[Data extracts]

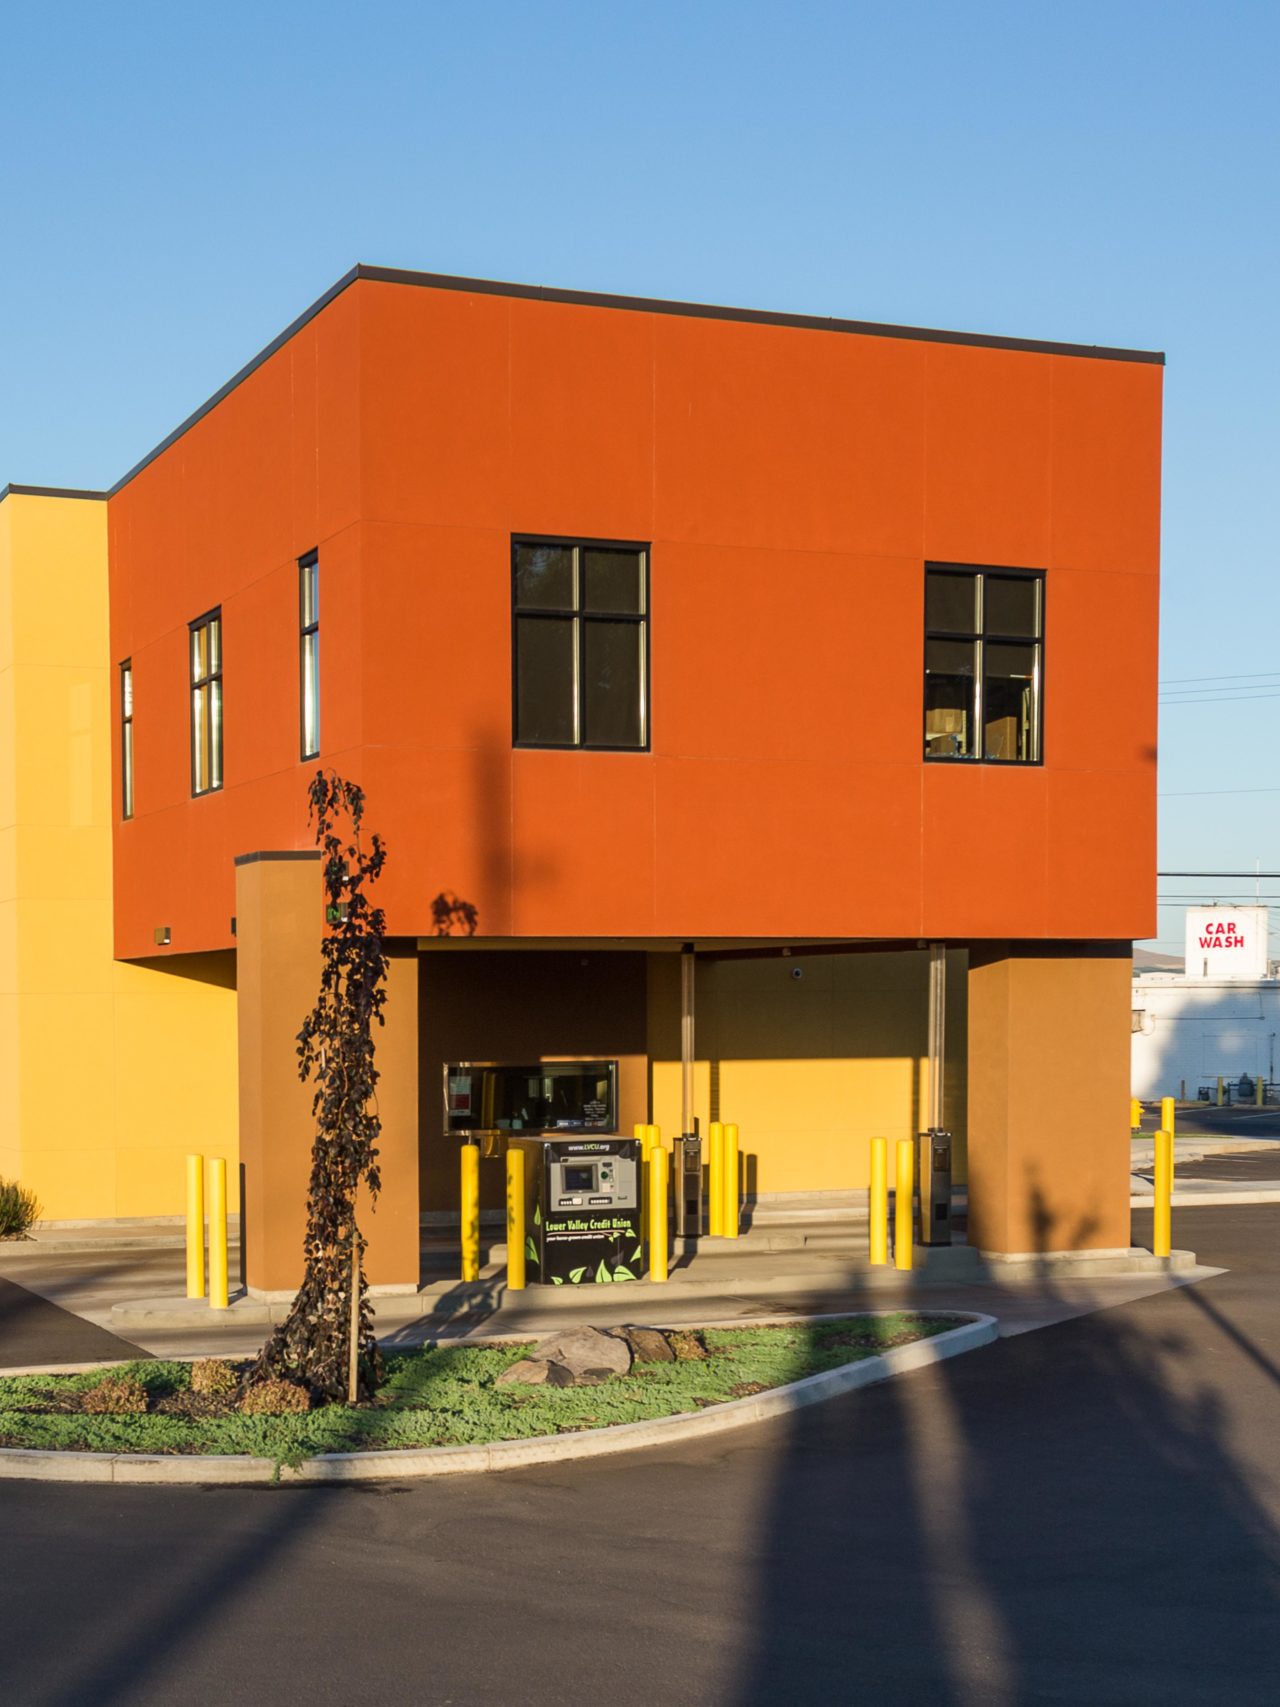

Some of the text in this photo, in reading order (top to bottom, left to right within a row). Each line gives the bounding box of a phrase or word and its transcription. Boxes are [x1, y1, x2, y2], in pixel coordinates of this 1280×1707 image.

[1205, 922, 1236, 935] CAR
[1198, 936, 1244, 949] WASH
[568, 1143, 610, 1152] www.LVCU.org
[545, 1218, 631, 1231] Lower Valley Credit Union

[Problem to solve] Without the pictures, repeat the listing exactly as it reads.

[Exercise answer]
Some of the text in this photo, in reading order (top to bottom, left to right within a row). Each line gives the bounding box of a phrase or word and its transcription. Boxes are [x1, y1, x2, y2], in pixel coordinates of this 1280×1707 image.

[1205, 922, 1236, 935] CAR
[1198, 936, 1244, 949] WASH
[568, 1143, 610, 1152] www.LVCU.org
[545, 1218, 631, 1231] Lower Valley Credit Union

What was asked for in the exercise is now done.